Said Ojukwu, of the Nigerian Constitution and our apparent lack of initiative in charting the course of our own lives: “I think we’ve been very lazy, actually. We’ve been very lazy; we’ve been content to create a patchwork of imported ideas. I think it’s a mistake. We are and we have enough brain power in Nigeria to evolve a different system that suits us…”
Let us look at the systems of government we’ve so far tried our hands at in this country. How would you compare and contrast the presidential and parliamentary systems of government?
I personally feel the presidential system is a good one. I think for a country, for a society that is developing, like ours, you need a certain concentration of power at the top. We are not yet very able to manage opposition. And I think that’s a lot of waste of time, effort and so on.
Let’s look at it: is there, in fact, an Igbo word that distinguishes your opponent from your enemy? That is the crux of the matter…(laughter)…
Sir, you bring a cultural dimension into this whole matter and in this regard, I would like to know if you think that the several institutions and systems of the white man that we simply copied and replicated here, are actually suitable and working for us?

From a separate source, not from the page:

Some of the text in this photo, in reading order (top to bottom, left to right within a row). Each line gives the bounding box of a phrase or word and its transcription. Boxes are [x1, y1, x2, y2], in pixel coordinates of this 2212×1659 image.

In Biafra, for instance, you did a lot of consulting, mostly with the elders – which was truly a traditional Igbo system of arriving at public policy. Shouldn’t these traditional methods of approaching issues actually work better for our people?
I think we’ve been very lazy, actually. We’ve been very lazy; we’ve been content to create a patchwork of imported ideas. I think it’s a mistake. We are and we have enough brain power in Nigeria to evolve a different system that suits us.

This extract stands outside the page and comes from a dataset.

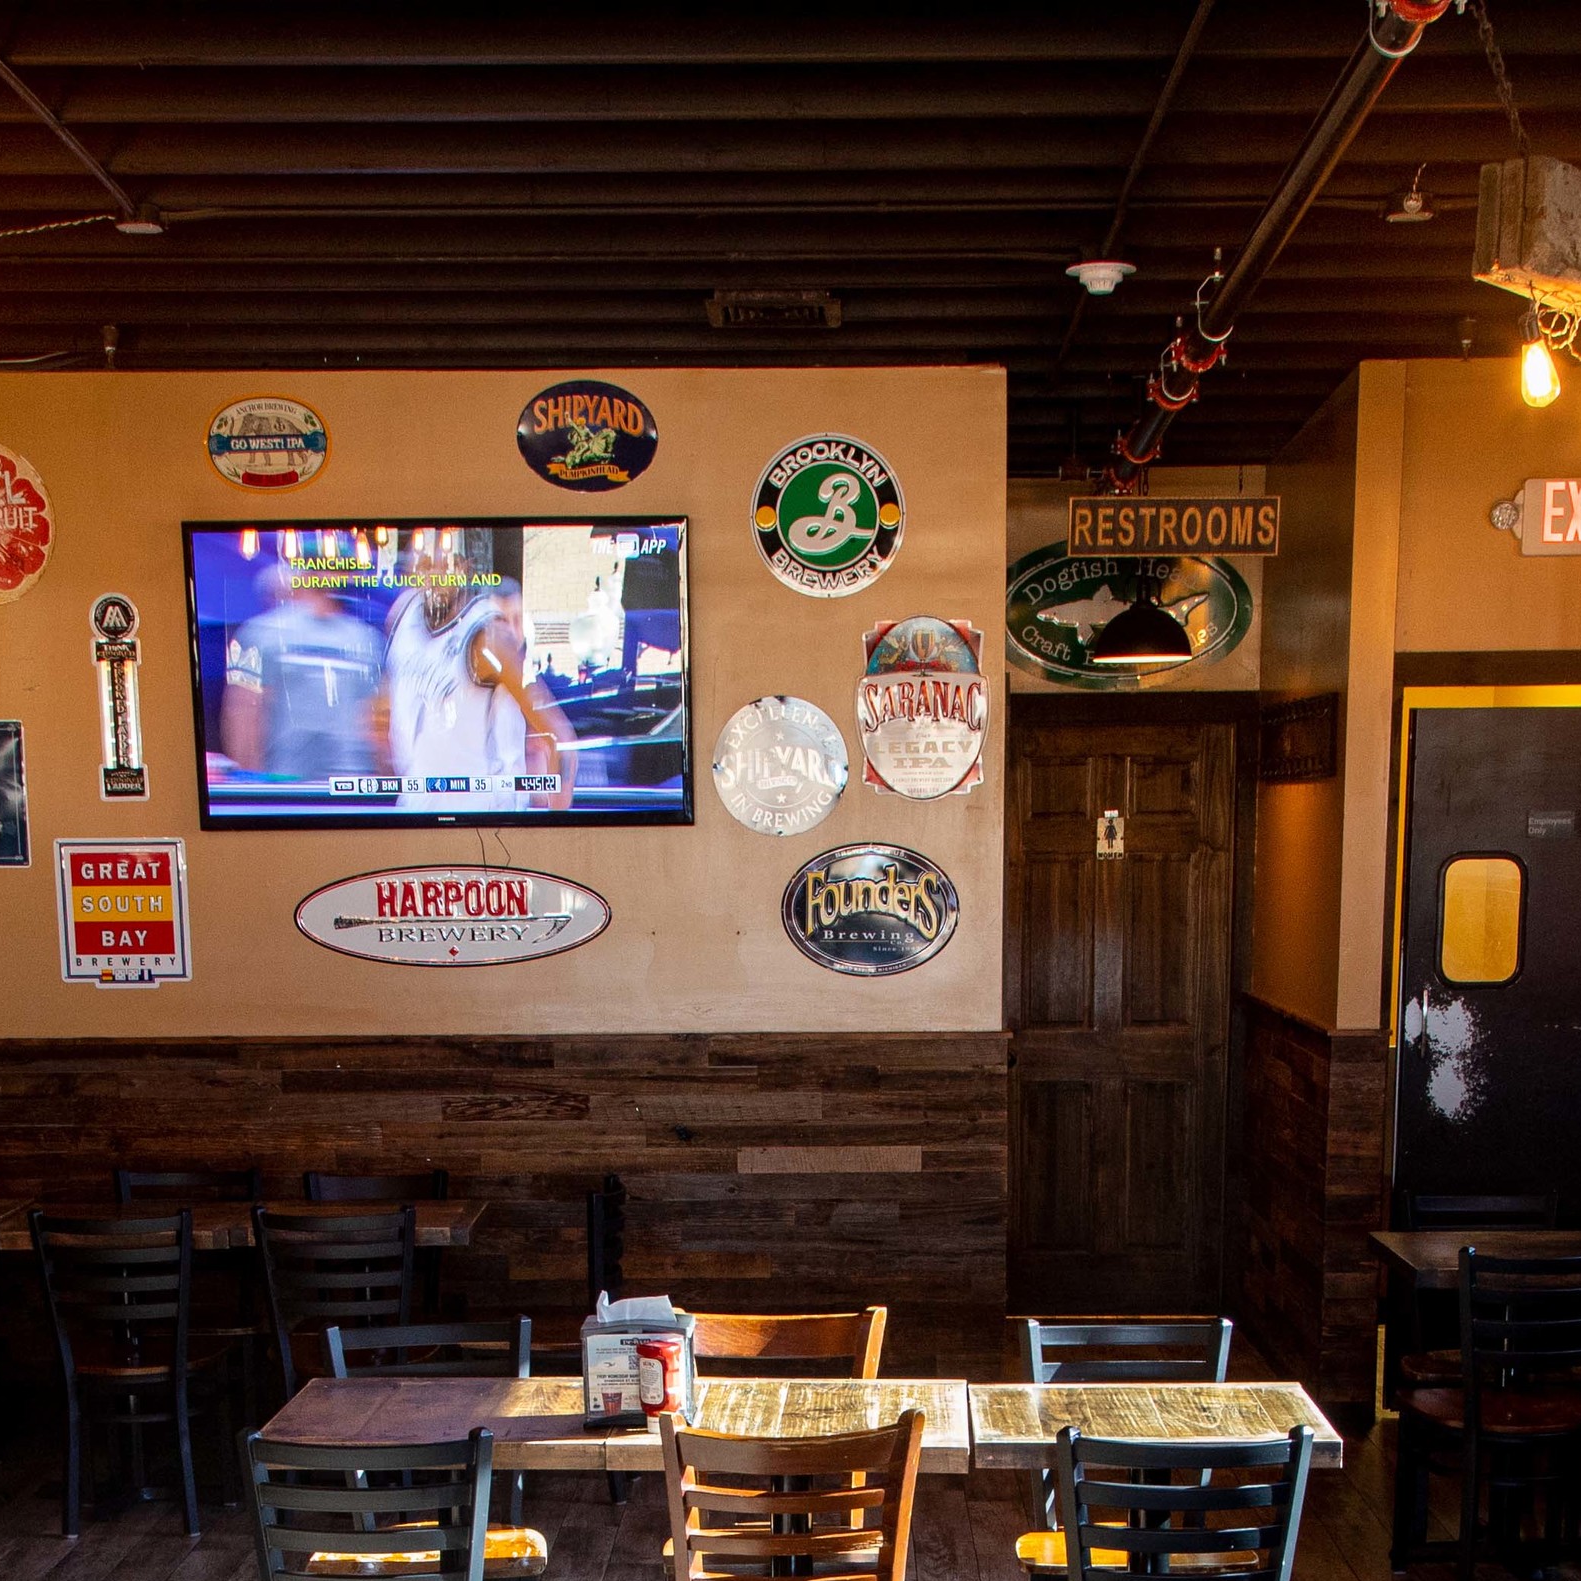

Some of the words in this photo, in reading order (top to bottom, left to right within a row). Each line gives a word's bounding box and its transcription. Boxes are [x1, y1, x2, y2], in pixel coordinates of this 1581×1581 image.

Let me give you an example. You’ve talked about my consultation with the elders [in Biafra]. Yes, to me, it was natural and I know that in Igbo society, consultation is very important. Each individual is a king in himself. He likes, therefore, to be consulted. It doesn’t mean that in consulting him, he gives you advice, no. But he does appreciate the ritual, that recognition that he is important. Now, in our own evolution in politics, I think we could, in fact, almost institutionalise it, modernise it and go ahead. It would have a closer link to our innate selves.

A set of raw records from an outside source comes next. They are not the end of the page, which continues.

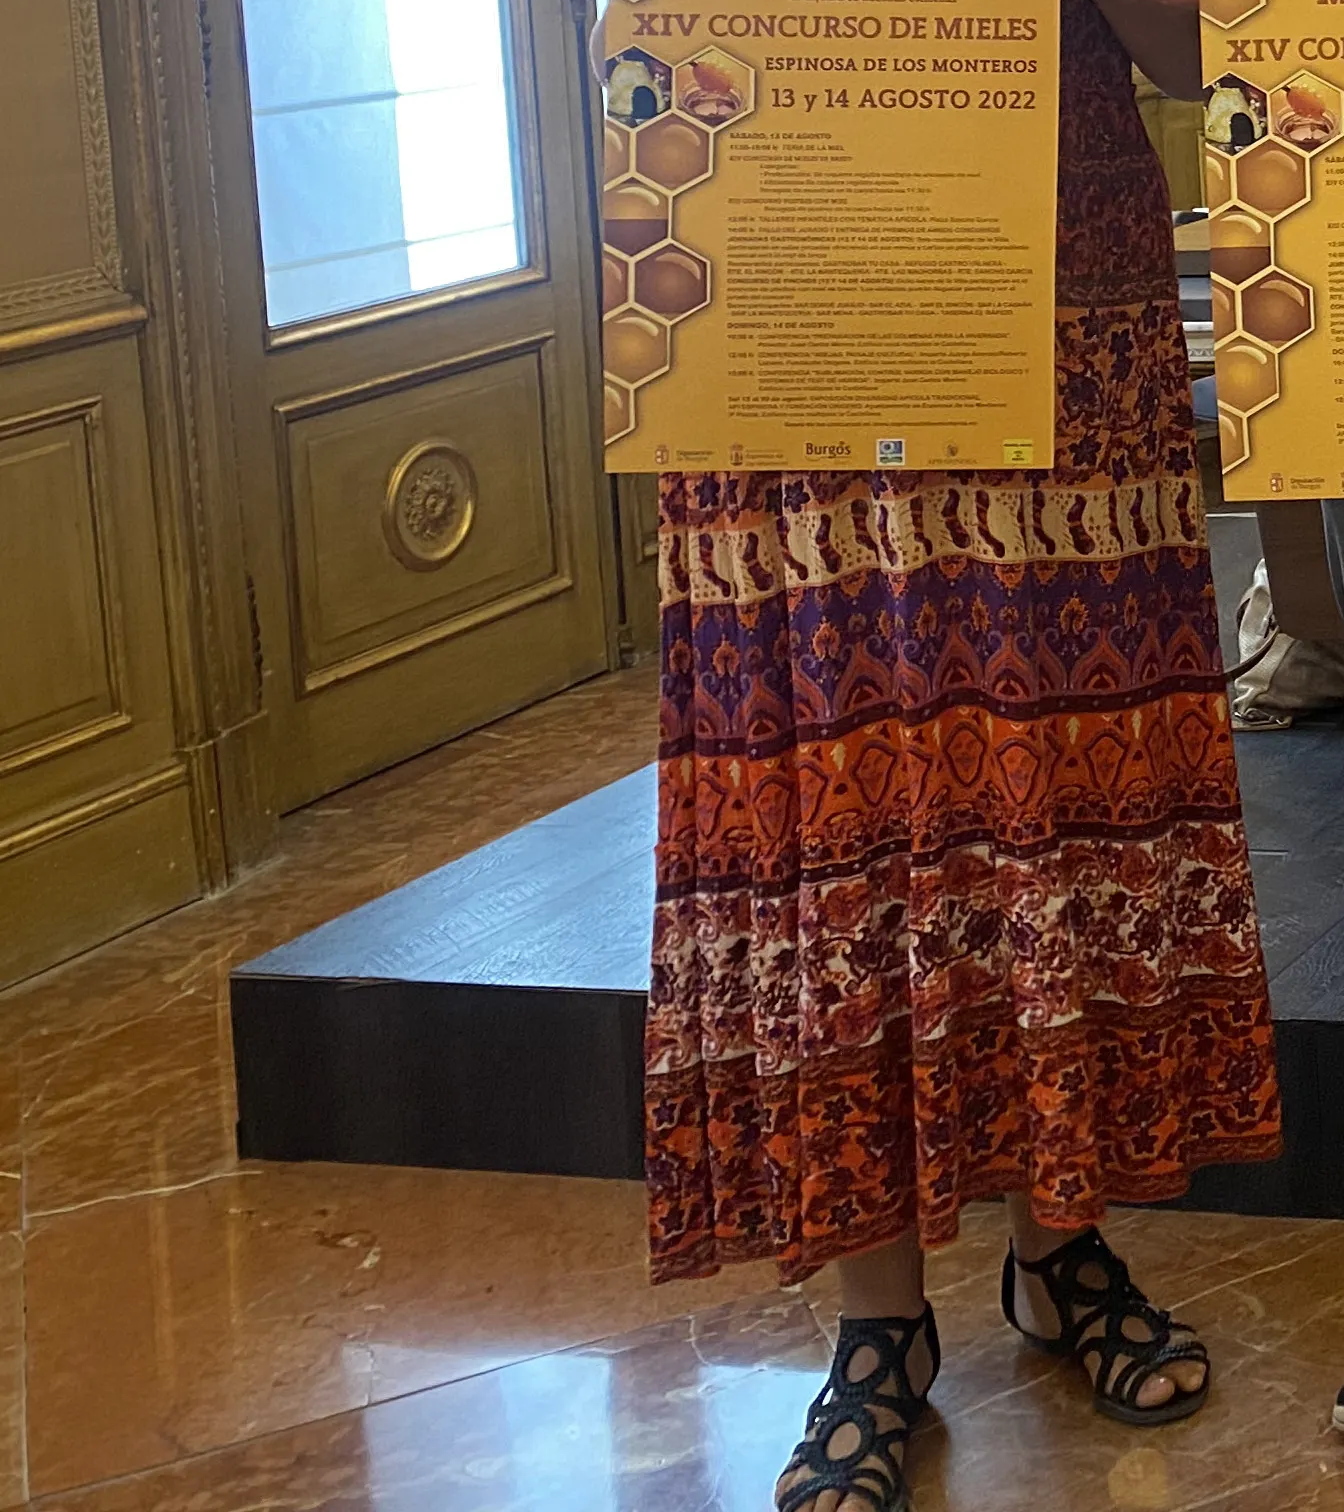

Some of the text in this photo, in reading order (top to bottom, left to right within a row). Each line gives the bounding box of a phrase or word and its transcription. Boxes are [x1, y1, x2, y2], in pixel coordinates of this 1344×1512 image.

[632, 13, 1037, 41] XIV CONCURSO DE MIELES
[1226, 38, 1291, 62] XIV
[765, 57, 1037, 73] ESPINOSA DE LOS MONTEROS
[771, 88, 1036, 113] 13 y 14 AGOSTO 2022
[806, 441, 851, 459] Burgos
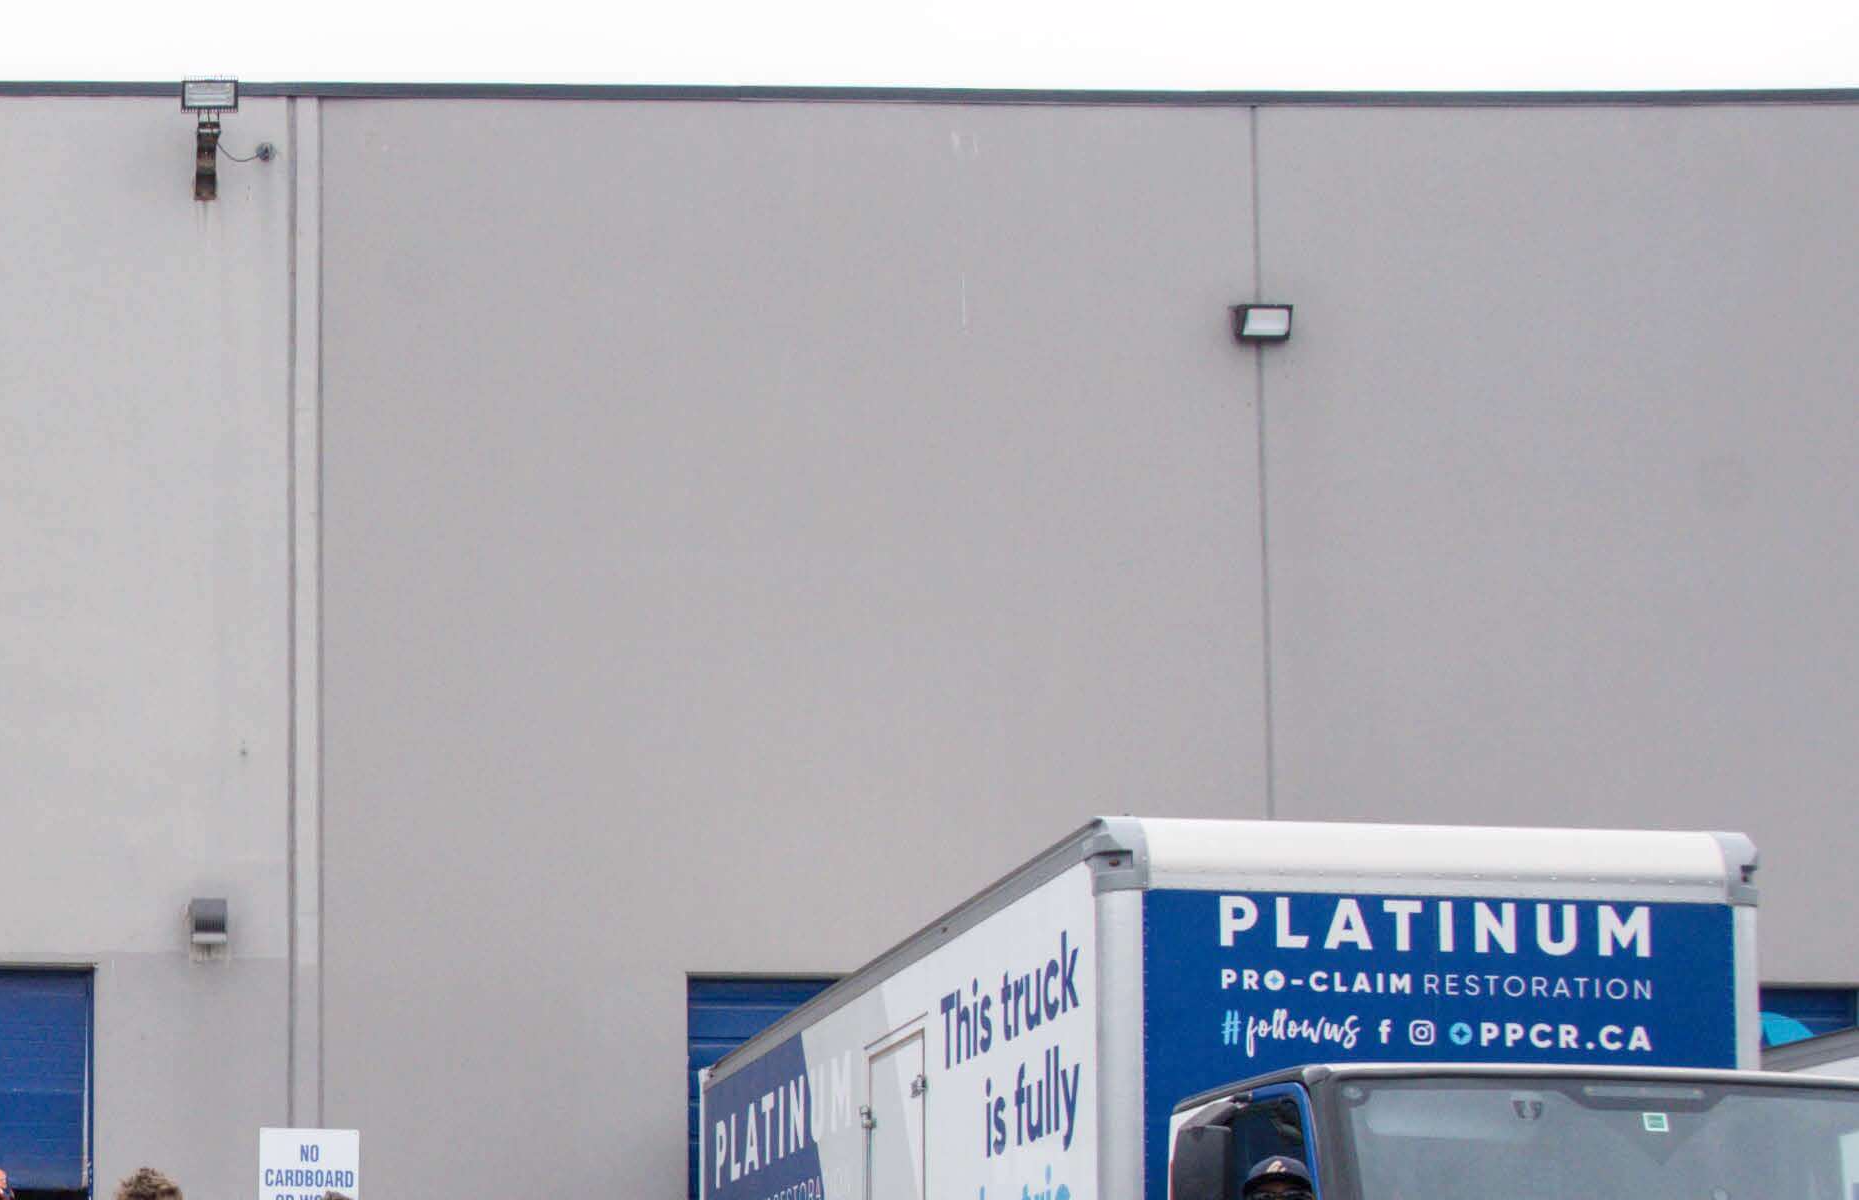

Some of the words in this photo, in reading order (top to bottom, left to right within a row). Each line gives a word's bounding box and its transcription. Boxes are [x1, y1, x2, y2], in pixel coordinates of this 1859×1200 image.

Take the other point that I always search: the European notion of crime and punishment. Our own notion of punishment contains an essential element of repair. The European system does not contain that. And actually, the Igbo man – let me say this – does not understand why somebody comes into his house, breaks up everything, hits his wife across the face, steals his property and then, finally, you find him guilty and what do you do? You send him to prison for eight months…(laughter)…what has that done to the man who has suffered damage?…(more laughter)…it’s meaningless to the Igbo man and this is a problem.
Actually, I believe that we do not have faith in our law courts. The law court is the place for the clever one, the cunning one, the one that has money. It is not where you go to find justice, as we are happy with, comfortable with. There are many aspects of our present-day society that we’ve just taken things haphazardly because we are too lazy to think differently. And we have a lot of difficulties with them. None of these things can be changed overnight, of course. But actually, if we think and turn our mind to trying to modernise our own destiny, perhaps we would be more comfortable in our own society.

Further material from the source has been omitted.